Sanofi says that it anticipates that the FDA review process for its oral, brain-penetrant Bruton’s tyrosine kinase inhibitor, tolebrutinib, in non-relapsing secondary progressive multiple sclerosis (nrSPMS) will extend beyond the previously communicated U.S target action date of December 28, 2025.
Secondary progressive multiple sclerosis typically refers to people with a previous diagnosis of relapsing MS who have stopped experiencing relapses but continue to experience disability accumulation, in the absence of relapses. Addressing disability accumulation remains a significant unmet need in MS.
According to Sanofi, in response to an FDA request, the drugmaker has submitted an expanded access protocol for tolebrutinib in nrSPMS, underscoring the company's commitment to providing eligible patients with access to the investigational therapy.
This is the second time the FDA has delayed its decision about tolebrutinib. Originally, the agency had accepted the drug for priority review with a decision date of September 28, 2025. However, regulators then determined that additional analyses during the review required a major amendment to the NDA and pushed the target action date to December 28.
Now, Sanofi says it expects further guidance from the FDA by the end of the first quarter of 2026.

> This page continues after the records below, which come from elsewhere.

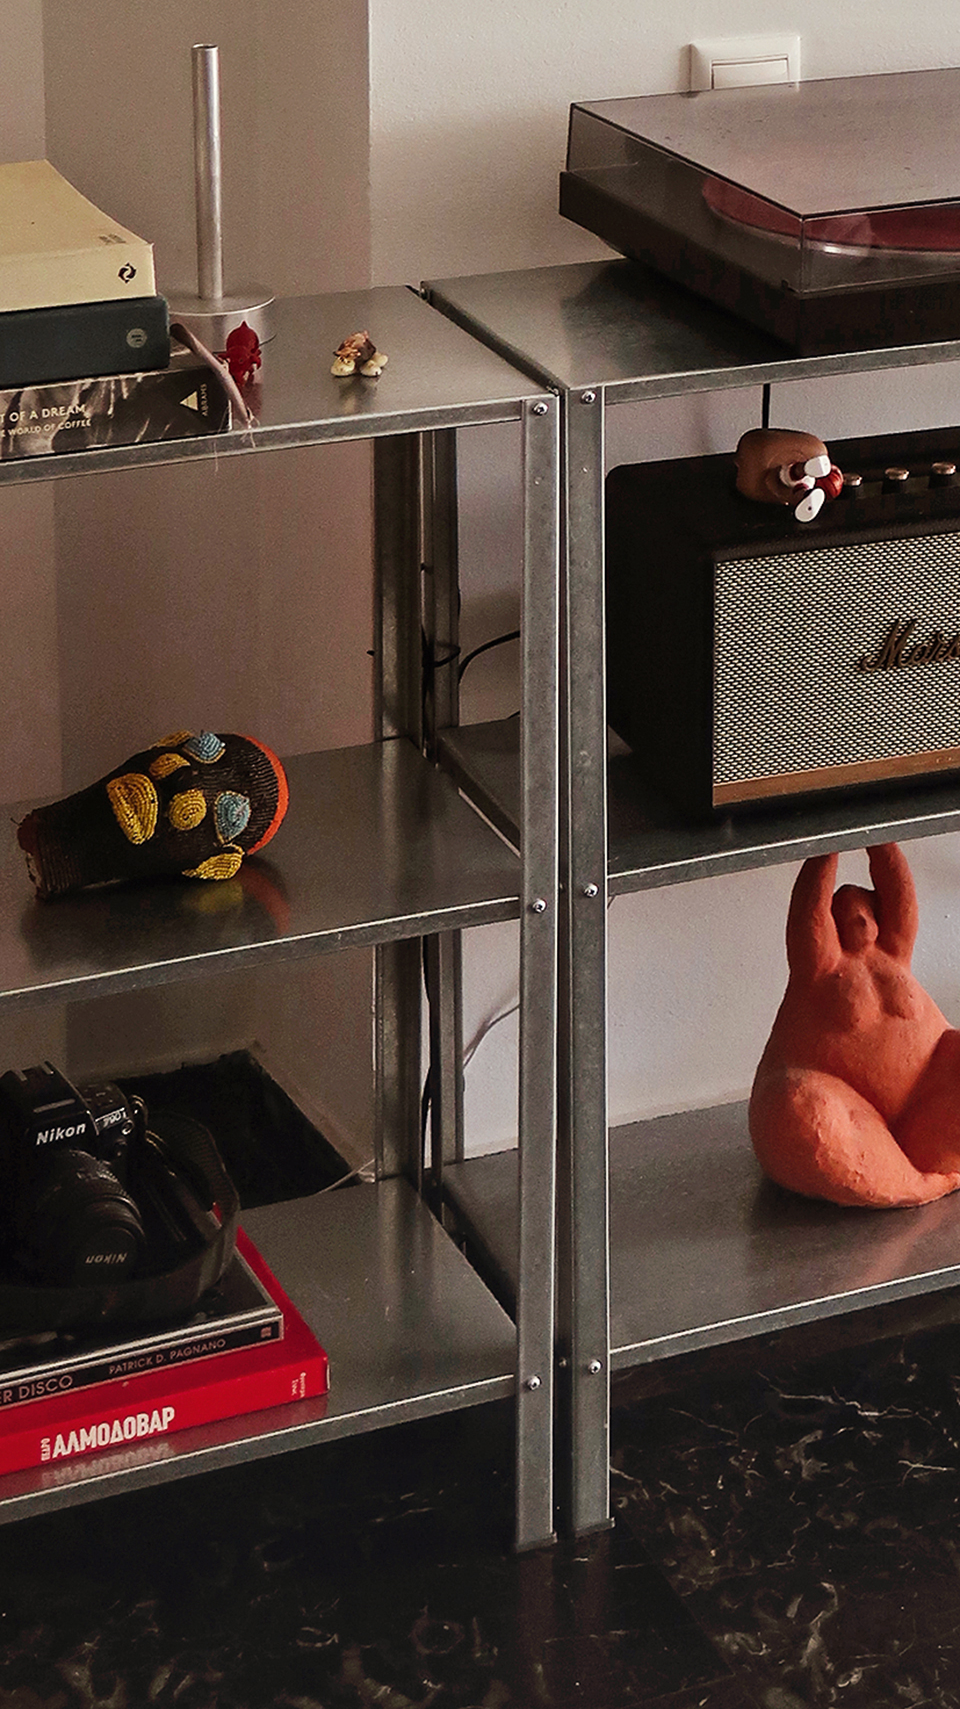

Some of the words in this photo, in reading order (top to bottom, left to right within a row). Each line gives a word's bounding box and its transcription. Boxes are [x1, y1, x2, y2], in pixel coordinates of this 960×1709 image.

[9, 410, 26, 423] OF
[30, 410, 39, 420] A
[41, 403, 86, 419] DREAM
[8, 425, 42, 436] WORLD
[58, 418, 92, 431] COFFEE
[36, 1122, 87, 1146] Nikon
[85, 1252, 128, 1265] Nikon
[18, 1374, 74, 1400] DISCO
[108, 1355, 153, 1375] PATRICK
[155, 1353, 167, 1364] D.
[169, 1338, 227, 1360] PAGNANO
[52, 1406, 176, 1460] ΑΛΜΟΔΟΒΑΡ
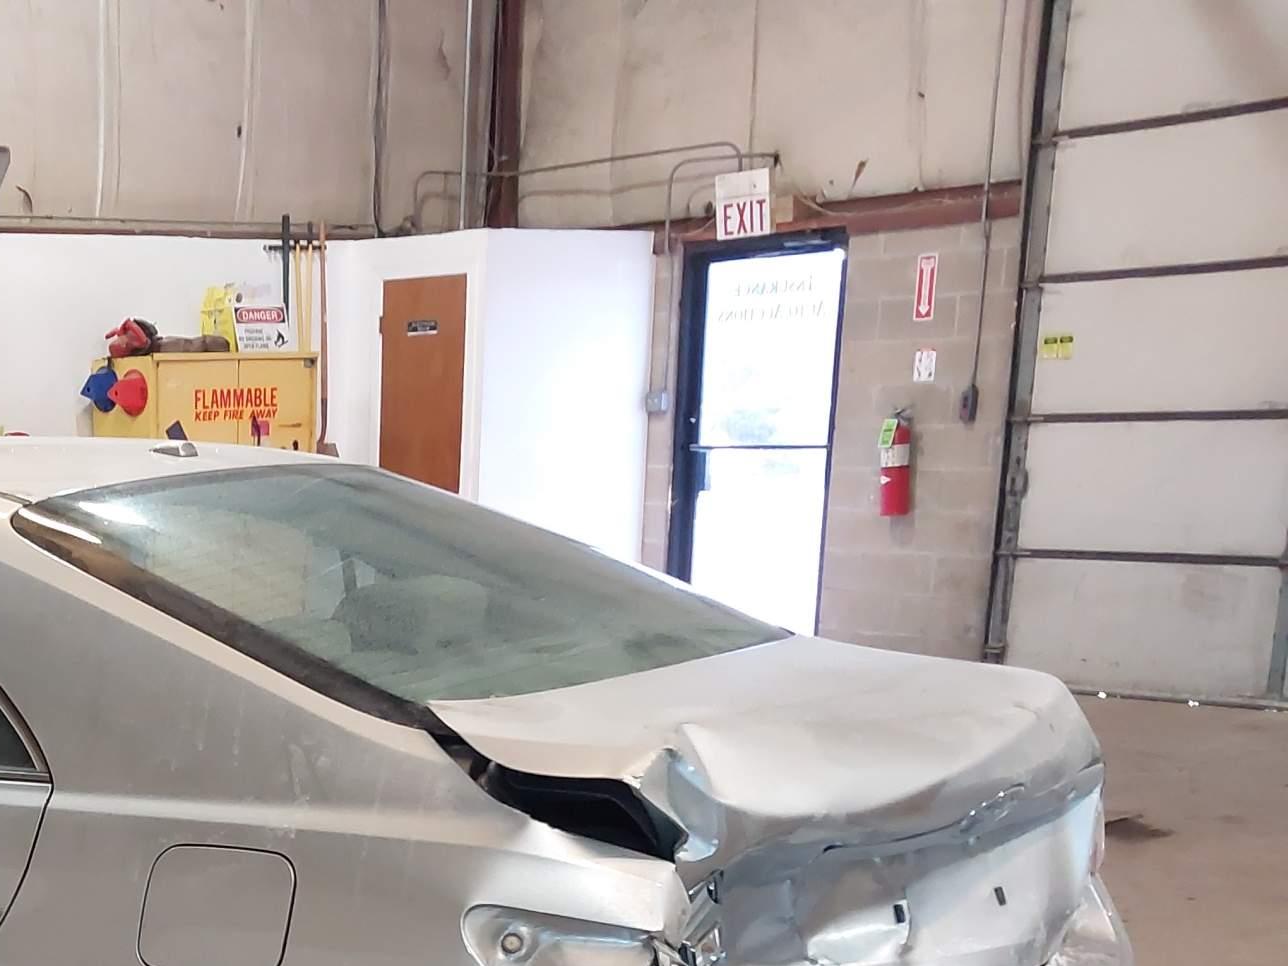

At the same time, Sanofi revealed in a second press release that the phase 3 PERSEUS study showed that tolebrutinib did not meet its primary endpoint in delaying time to 6-month composite confirmed disability progression (cCDP) in participants with primary progressive multiple sclerosis (PPMS), which represents 10% of the overall multiple sclerosis patient population. Based on these results, Sanofi will not pursue approval for PPMS.